Her Mad Existence: The Ultimate Collection Of Evita Perón Iconography
Seventy years after her death, displays in Buenos Aires, including a vast collection of pictures shown online, recall the life and times of "Evita" Perón, the Argentine first lady turned icon of popular culture.
BUENOS AIRES — Her death in 1952 at the age of 33 helped turn the Argentine first lady Eva Perón — known to millions as Evita — into one of the iconic faces of the 20th century, alongside other Argentines like the singer Carlos Gardel, the guerrilla leader Ernesto "Che" Guevara, and soccer stars Maradona and Messi.
Evita, née María Eva Duarte, became for many the defender of the poor — and to her detractors, the mother of Latin America's brazen populists — as she pushed for civil rights, gender equality and social programs for the poor in her time as first lady of Argentina in the mid-20th century.
To mark the 70th anniversary of her death (which fell on July 26), Juan Cantafio, possibly the biggest collector of magazine covers in Latin America, paid her tribute by organizing an online display of part of his vast collection of Evita pictures and press material, gathered over a 50-year period.
The many phases of a brief life
Cantafio, an arts director and design specialist, has come to possess more than 500,000 magazine covers from all periods. He curated the popular FACES exhibition that displayed parts of his collection in the San Martín arts center in Buenos Aires earlier this year.
At home Cantafio has more than 10,000 objects relating to Evita, ranging from some 8,000 magazine covers from various periods to press cuttings, dolls, postcards, statuettes, books in several languages, engravings, records, CDs, tapes, films, original and digital photographs, and film and television posters featuring the many actresses that have played Evita.
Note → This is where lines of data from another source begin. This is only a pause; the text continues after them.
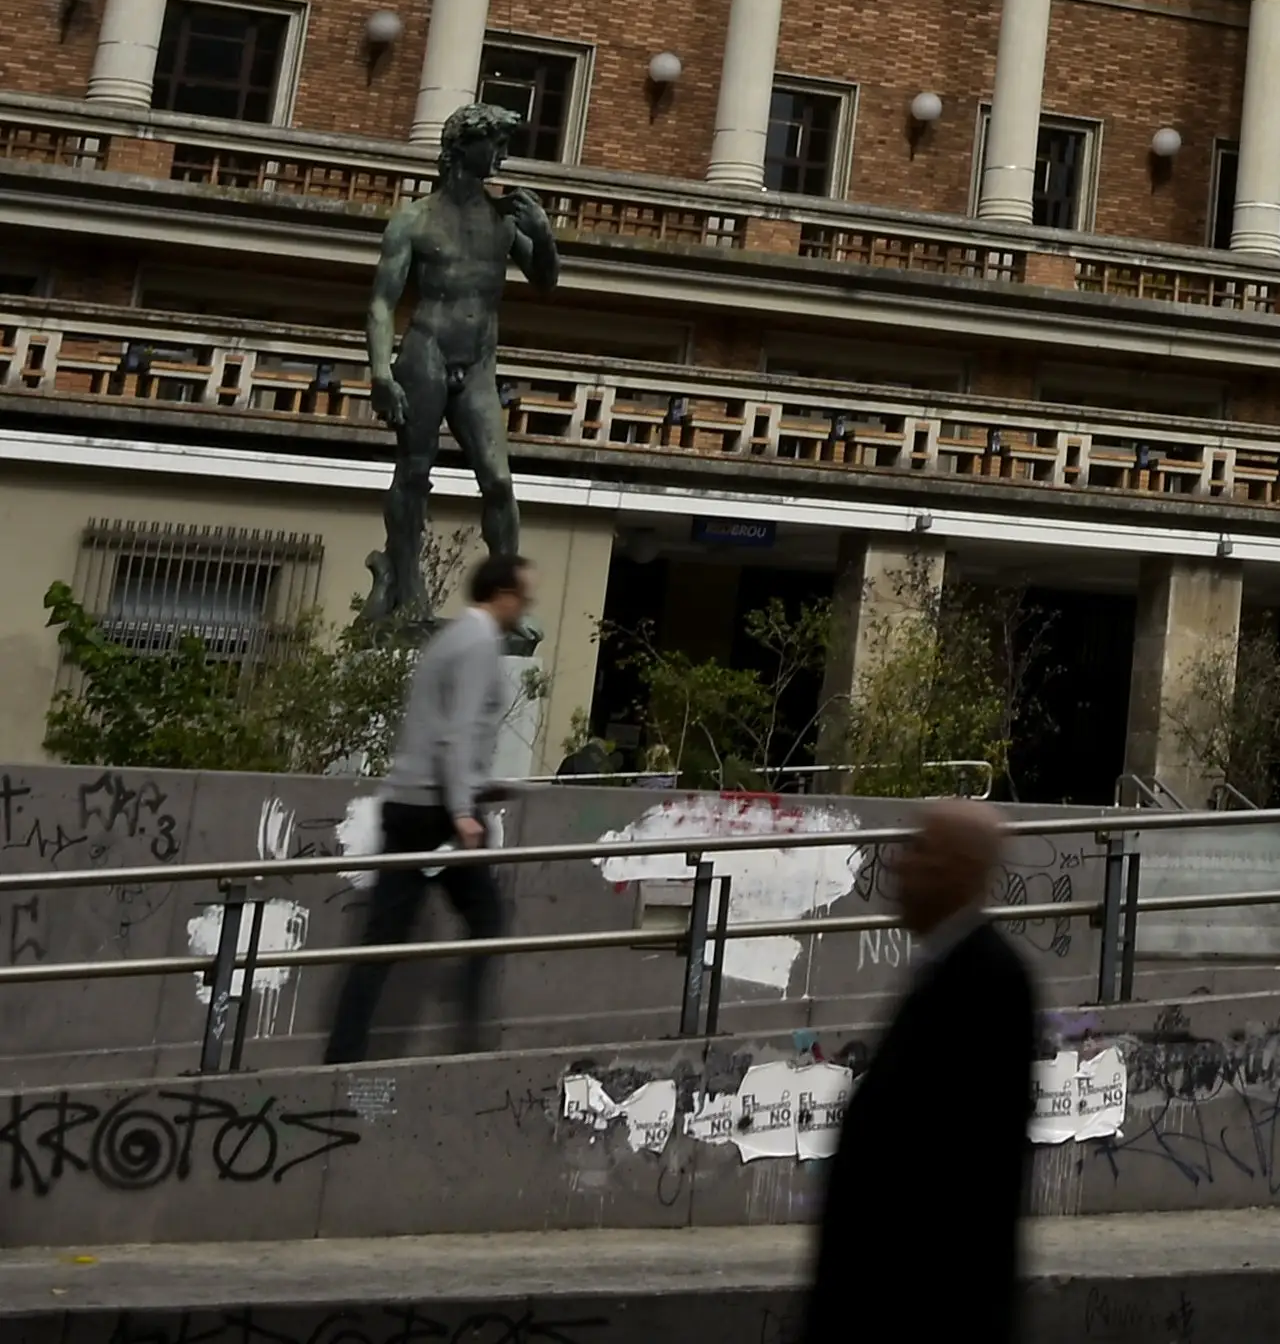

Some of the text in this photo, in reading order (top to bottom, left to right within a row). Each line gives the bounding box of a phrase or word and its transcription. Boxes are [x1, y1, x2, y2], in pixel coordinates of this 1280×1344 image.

[1103, 1089, 1123, 1103] NO
[1052, 1098, 1071, 1110] NO
[769, 1109, 791, 1123] NO
[710, 1119, 732, 1134] NO
[645, 1129, 667, 1143] NO
'Immortal' is the appropriate word.
This unique compilation spans the various phases of Perón's life: from her beginnings in 1942 as a radio actress in Buenos Aires, to her later phase as a local film star, her social activities as wife of the president, General Juan Domingo Perón, the shattering impact of her death in 1952 and subsequent transformation into an Argentine legend.
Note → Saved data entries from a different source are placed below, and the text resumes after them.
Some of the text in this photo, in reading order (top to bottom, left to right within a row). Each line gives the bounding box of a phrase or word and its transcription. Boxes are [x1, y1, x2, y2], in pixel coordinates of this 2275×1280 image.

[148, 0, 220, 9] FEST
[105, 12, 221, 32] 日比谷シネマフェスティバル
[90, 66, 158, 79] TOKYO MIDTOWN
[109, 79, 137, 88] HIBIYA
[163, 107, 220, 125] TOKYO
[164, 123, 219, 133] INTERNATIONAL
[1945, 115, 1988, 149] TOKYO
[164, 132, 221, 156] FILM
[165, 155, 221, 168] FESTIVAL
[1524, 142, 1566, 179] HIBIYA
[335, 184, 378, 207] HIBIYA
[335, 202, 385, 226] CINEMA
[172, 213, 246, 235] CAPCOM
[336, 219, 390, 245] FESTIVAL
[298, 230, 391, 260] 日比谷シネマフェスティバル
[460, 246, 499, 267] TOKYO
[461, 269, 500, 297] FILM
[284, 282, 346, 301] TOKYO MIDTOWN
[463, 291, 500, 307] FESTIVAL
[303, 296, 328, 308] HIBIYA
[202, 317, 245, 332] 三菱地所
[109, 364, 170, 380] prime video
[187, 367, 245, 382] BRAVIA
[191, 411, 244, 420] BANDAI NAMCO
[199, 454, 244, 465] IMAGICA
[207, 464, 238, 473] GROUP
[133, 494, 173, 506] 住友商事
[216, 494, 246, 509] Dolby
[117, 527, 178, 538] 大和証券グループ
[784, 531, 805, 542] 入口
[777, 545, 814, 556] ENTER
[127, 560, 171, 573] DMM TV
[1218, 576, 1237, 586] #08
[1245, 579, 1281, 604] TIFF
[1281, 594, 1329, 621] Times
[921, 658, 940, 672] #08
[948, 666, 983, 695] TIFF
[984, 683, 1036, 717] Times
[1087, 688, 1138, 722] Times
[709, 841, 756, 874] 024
The Cantafio Collection has enough material to fill an exhibition at a national museum. Parts of it can be seen on a commemorative website, Evita Inmortal Argentina.
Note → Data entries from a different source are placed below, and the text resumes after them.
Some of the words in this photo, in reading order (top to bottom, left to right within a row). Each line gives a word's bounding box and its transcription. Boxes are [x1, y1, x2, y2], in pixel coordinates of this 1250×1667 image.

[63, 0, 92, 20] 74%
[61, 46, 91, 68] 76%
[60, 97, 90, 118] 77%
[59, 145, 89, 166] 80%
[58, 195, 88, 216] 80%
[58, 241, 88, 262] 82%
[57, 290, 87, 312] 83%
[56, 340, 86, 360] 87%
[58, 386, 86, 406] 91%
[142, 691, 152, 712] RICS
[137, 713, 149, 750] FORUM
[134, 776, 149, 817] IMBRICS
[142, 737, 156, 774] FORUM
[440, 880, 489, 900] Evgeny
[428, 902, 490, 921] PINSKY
Cantafio insists the collection should not be taken as a sign of his support for Peronism, the social-democratic current led by Evita and her husband, which has since had a preponderant influence on Argentine politics. The idea of an exhibition, he says, came as he was classifying his memorabilia before the pandemic and found he had "an impressive volume" of items on Evita.
Scores of people attended a rally on the 70th anniversary of the death of Eva Perón on July 26, 2022.
An immortal icon
He says 'immortal' is the appropriate word to use for Evita, as she is not only well-known but remain of interest, even today, 70 years after her death. Images of Evita are still "being reproduced, re-elaborated and redesigned," he says.
More than 100 women have played Evita's role, notably U.S. singers Madonna in the film based on the musical by English composer Andrew Lloyd Webber, and Donna Summer, who played her part in the musical in San Francisco.
Cantafio has pictures of the first actress to depict Evita, the Frenchwoman Andrée Debar (1920-1999). In 1953, she visited Argentina with her husband, the film producer Roger Duchot, to obtain the rights to the role. They were not given the rights but produced the first dramatized film on Evita, and a play in Paris the next year.
He says Debar "had great admiration and curiosity" for the contrasting aspects of Perón's life: her accelerated and conflictive life and delicate health, her Dior dresses, and the historical moments she lived, including meetings with the Pope or with Spain's General Franco in 1947.
The magazine covers are a record of her experiences. One shows her in shorts and a Boca shirt, kicking off a soccer match in the 1940s. Others show her as Evita Montonera, dressed as a leftist Montonero militant. The collection includes 1,000 digitized versions of pictures by Alfredo Mazzorotolo, an official photographer to the presidential couple.
Numerous commemorative events to mark the 70th anniversary of her death included an exhibition of paintings by Daniel Santoro at the Kirchner arts center, music and readings at the National Auditorium and a display of Evita's collection of Spanish folk dresses at the Museo Larreta.